The 2022 Terra Lectures in American Art centre on Latinx art, with an emphasis on Chicanx (Mexican American) artists, and the theme of migration – of people, ideas, and artworks, from the seventeenth century to today. Art and activism converge as these lectures move across disciplinary, chronological, and geographical borders. We consider new approaches to “American” art, its borders, and contact zones. By posing strategic questions, these four talks demonstrate avenues of inquiry to decolonise art history.

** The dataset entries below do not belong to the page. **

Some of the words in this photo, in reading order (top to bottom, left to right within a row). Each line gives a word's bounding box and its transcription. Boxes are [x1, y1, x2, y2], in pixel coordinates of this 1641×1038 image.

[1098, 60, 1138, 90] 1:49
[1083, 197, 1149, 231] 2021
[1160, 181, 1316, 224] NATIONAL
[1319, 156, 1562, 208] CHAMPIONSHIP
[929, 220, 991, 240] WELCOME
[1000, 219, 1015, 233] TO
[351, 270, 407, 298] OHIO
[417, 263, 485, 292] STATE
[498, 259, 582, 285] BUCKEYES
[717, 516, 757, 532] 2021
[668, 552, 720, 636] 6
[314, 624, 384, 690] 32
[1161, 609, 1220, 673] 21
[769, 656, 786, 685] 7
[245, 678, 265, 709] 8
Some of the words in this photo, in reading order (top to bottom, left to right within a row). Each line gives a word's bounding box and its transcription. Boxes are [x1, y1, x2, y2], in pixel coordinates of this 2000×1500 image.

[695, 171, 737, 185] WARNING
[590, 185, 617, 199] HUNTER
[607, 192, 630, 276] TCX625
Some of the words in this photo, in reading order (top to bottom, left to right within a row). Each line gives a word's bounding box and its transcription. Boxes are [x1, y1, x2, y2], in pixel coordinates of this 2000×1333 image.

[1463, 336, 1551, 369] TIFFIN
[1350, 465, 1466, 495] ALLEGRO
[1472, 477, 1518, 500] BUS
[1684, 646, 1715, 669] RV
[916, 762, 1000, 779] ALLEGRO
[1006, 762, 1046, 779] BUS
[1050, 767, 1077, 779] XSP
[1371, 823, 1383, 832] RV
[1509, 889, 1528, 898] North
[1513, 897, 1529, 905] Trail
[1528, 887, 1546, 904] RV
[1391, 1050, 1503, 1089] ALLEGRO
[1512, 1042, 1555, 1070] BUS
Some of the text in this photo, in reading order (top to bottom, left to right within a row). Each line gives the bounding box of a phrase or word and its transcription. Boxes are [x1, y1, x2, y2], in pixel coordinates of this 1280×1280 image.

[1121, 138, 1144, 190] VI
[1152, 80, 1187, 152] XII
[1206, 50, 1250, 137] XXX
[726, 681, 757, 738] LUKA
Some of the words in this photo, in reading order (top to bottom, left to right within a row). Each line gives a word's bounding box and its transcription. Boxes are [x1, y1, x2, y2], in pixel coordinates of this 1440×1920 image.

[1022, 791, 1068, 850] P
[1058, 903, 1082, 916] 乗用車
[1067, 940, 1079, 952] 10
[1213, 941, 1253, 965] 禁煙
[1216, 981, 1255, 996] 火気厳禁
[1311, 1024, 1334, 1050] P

Lecture 3 “Art against Necropolitics” presented by Professor Charlene Villaseñor Black
Beginning in the 1990s, feminist activists and visual artists joined forces to protest feminicide (feminicidio), the targeted murders of women and girls, along the US-Mexico border. Mexican American (Chicana) artist Judithe Hernández produced her moving Juárez series in response. This talk focuses on Hernández’s work, analyzing her use of rhetorics of memorialization, including pictorial echoes of Catholic saints and deliberate invocations of indigeneity, to honor these victims of violence. While situated within the specific locale of the US-Mexico border, Hernández’s images are also in dialogue with anti-feminicide activism around the globe. Can art contest the power of necropolitics?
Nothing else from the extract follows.